Langlois clearly was a kind of charmer,
finding finances for his cinémathèque from the most
unlikely of sources. And through his regular film screenings, sometimes
presenting as many as three showings each night, he might be described as a
remarkable educator of an entire generation of film-lovers.
Yet director Jacques Richard’s documentary
also reveals him to be a kind of cultural glutton without the real abilities, desire,
or talents to create the cinema he so loved. And French governmental authorities,
when finally determined to help fund the organization he had created, found him
to be a terrible businessman without proper records and budgetary skills.
Richard presents this information and
much else through the incredible gathering of at least 80 talking heads from
Georges Melies’ granddaughter to Pierre Cardin and Alfred Hitchcock. So many voices
shot usually head-on does not itself make for great cinematic viewing. But
fortunately Richard intersperses these discussants with brief clips from many
of the greatest films Langlois collected along with numerous still and video
images of the archivist himself.
As the reviewer from Variety, Todd McCarthy summarizes:
In
other words, Richard has filled his 3½ hours with
enormously
diverse material that meshes to create a
picture
of the man that is satisfying on both the intellectual
and
human planes. For anyone with a pre-existing interest
the
subject, absorption in the film is so total that the time
passes
in a flash; for younger viewers who find their
way
to it, pic represents the ultimate illustration of what
devotion
to the cinema means, and incidentally underlines
the
individual obsession that initiated the now-widespread
effort
to preserve the history of the cinema.
Despite the informative value of Richard’s
film, however, I felt that, in the end, I would rather have attended the cinémathèque
itself rather watch this documentary about it, and it might have been far more
interesting, I suspect, instead of simply reporting what Langlois achieved—as significant as 
that was—why he chose to collect film,
particularly films of the past; what led this man to become a sort of state
librarian to cinema art? Moreover, since he espoused the idea that all films of
equal interest, since they revealed the life of the times, why did he let a
film starring Theda Bara escape his hands? What criteria did Langlois have for
inclusion? And how did he convince so many people not so very committed to film
of the past to finance his purchases.
Since this was a “collection,” one
wonders what he didn’t collect among the 80,000 titles of the cinémathèque?
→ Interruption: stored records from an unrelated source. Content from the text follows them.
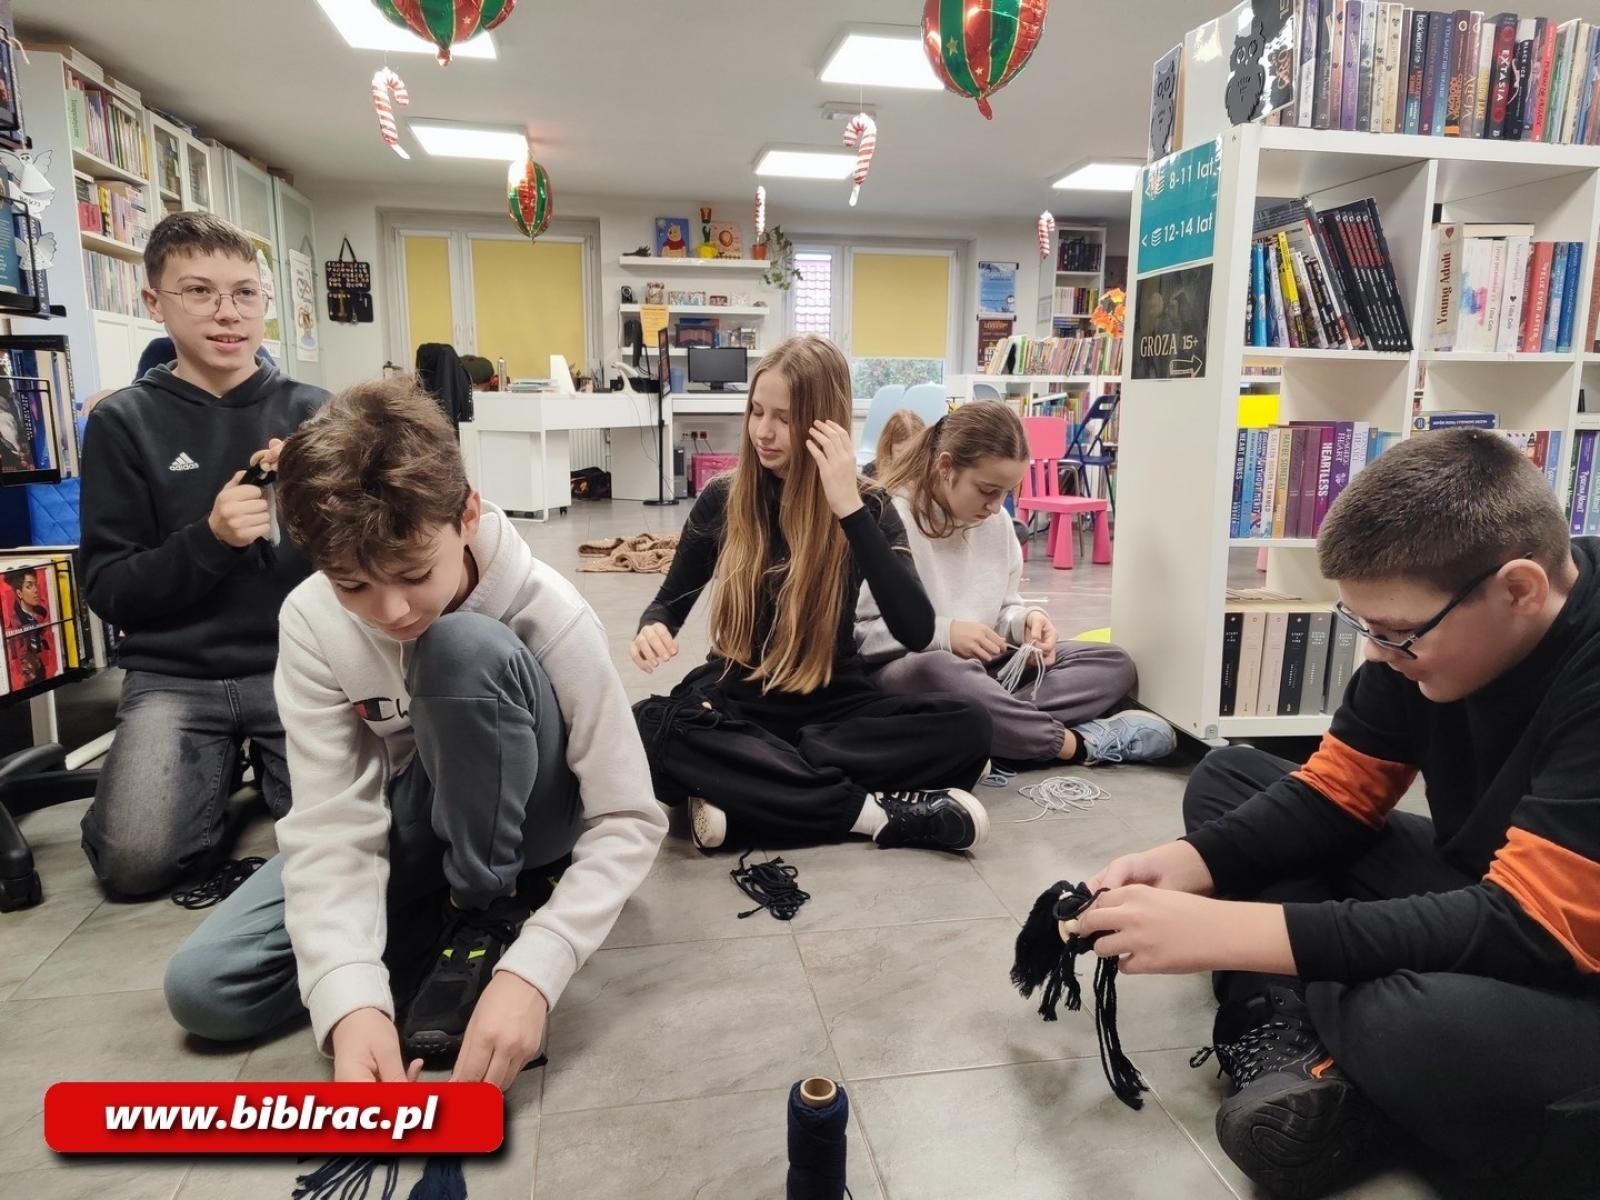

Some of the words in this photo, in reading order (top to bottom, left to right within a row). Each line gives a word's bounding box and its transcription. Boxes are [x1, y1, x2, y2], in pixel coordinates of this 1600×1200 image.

[1521, 41, 1529, 64] BLACK
[1496, 49, 1510, 102] EXTASIA
[1169, 166, 1193, 189] 8-11
[1164, 217, 1193, 243] 12-14
[1197, 212, 1213, 232] lat
[1440, 252, 1451, 284] Adult
[1436, 287, 1452, 325] Young
[1140, 333, 1178, 358] GROZA
[1182, 334, 1199, 351] 15+
[1281, 434, 1291, 457] MAYBE
[1335, 432, 1345, 463] HEART
[1254, 460, 1264, 490] WITHOUT
[1318, 442, 1333, 497] HEARTLESS
Did
he include documentaries such as this one, cartoons, media, highly experimental
works such Stan Brakhage? How did he organize them or decide each evening what
films he might show?
Finally, I might ask one of the most
important of questions that never truly gets discussed. Did the collector
actually comprehend the thousands of films and could he write coherently about
them? As a film reviewer, I feel this is one of the most important of
questions. It’s clear that Langlois loved the genre and had a fairly discerning
sense of what might be significant. Yet Richard gives us little idea about how
the collector/archivist saw in the thousands of films he gathered.
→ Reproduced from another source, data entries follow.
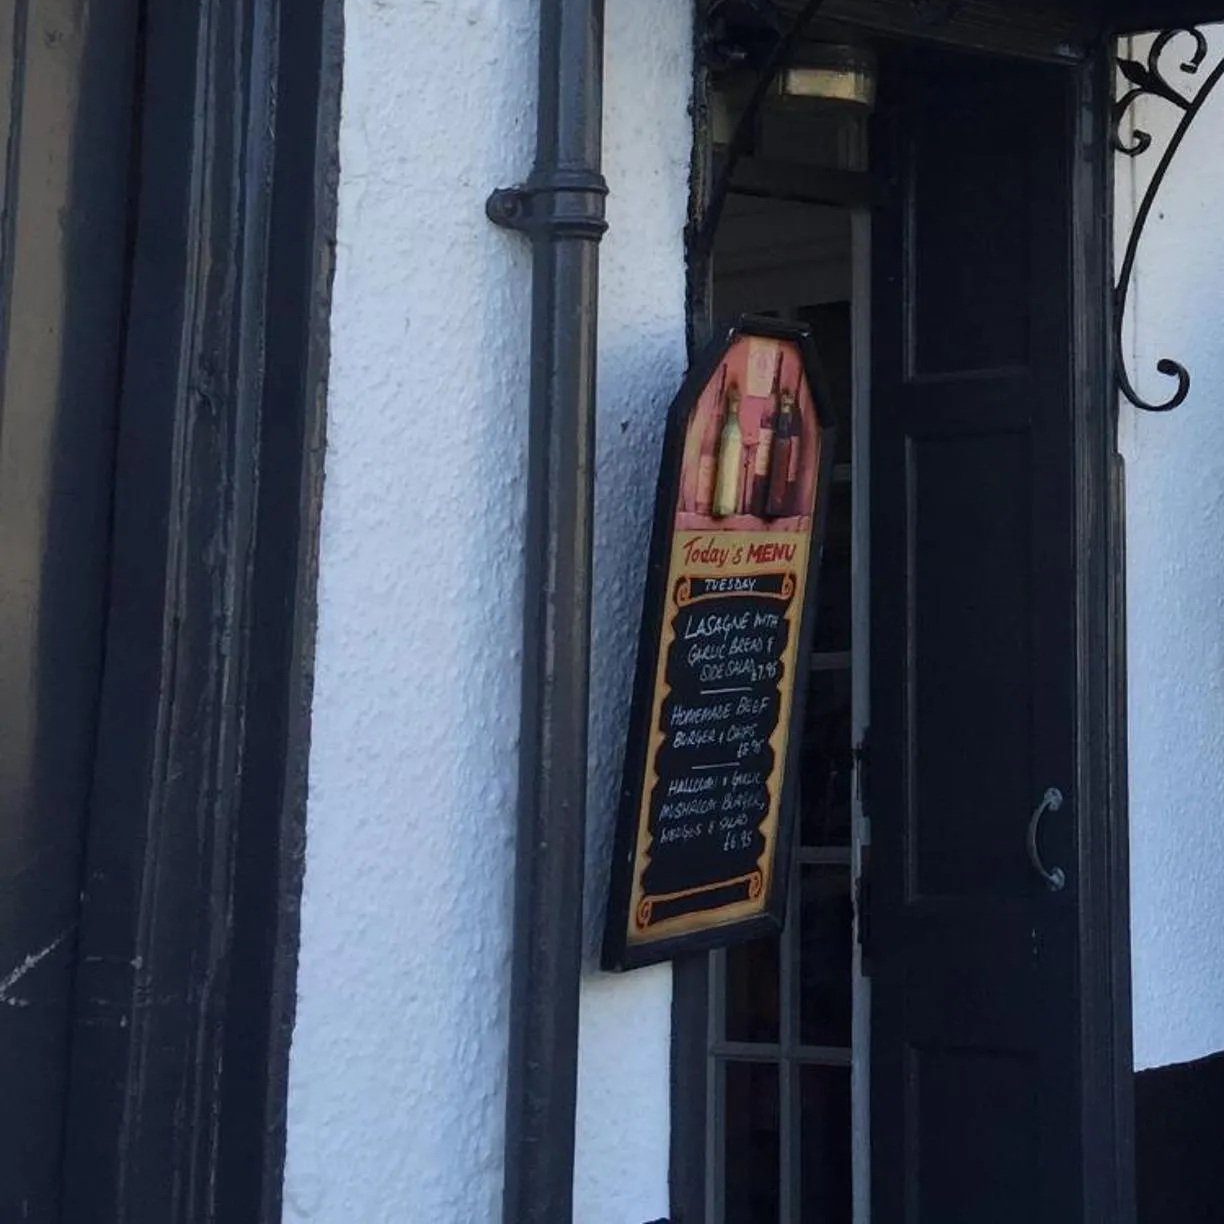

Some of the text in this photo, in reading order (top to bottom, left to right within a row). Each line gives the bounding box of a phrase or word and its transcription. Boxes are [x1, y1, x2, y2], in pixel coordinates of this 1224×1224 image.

[682, 536, 797, 567] Today's MENU
[704, 577, 757, 592] TUESDAY
[684, 612, 751, 641] LASAGNE
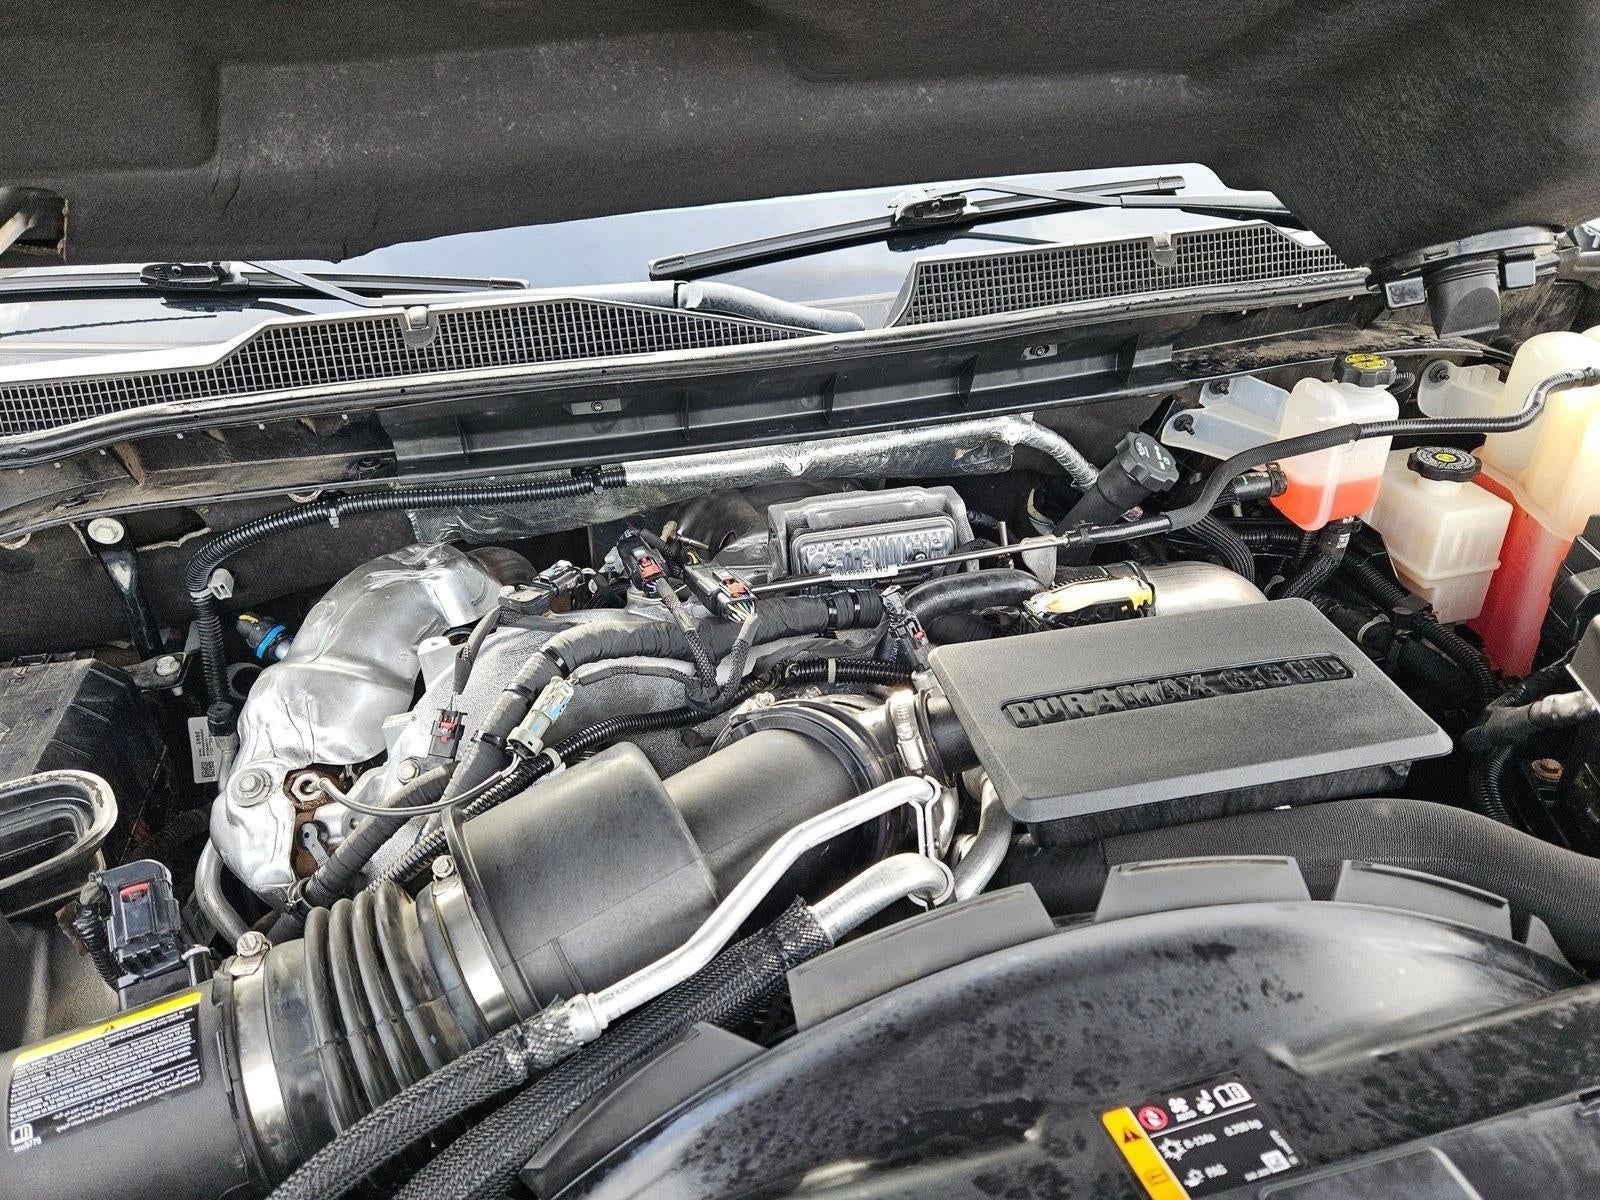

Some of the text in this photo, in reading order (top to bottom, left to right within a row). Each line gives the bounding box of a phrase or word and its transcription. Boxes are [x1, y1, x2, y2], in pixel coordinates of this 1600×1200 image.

[1006, 658, 1346, 727] DURAMAX 6.6 HD
Chabrol does not discuss any conversations
he had with Langlois, for instance, but only wonders what the corpulent
Langlois and his equally plump partner, Mary Meerson, might had done in bed: “I
tried to imagine them in frenzied copulation, but … .”
If nothing else, Langlois had an enormous
appetite not only for food but for “eating the screen.”
Los Angeles, March
18, 2019
Reprilnted
from World Cinema Review (March
2019).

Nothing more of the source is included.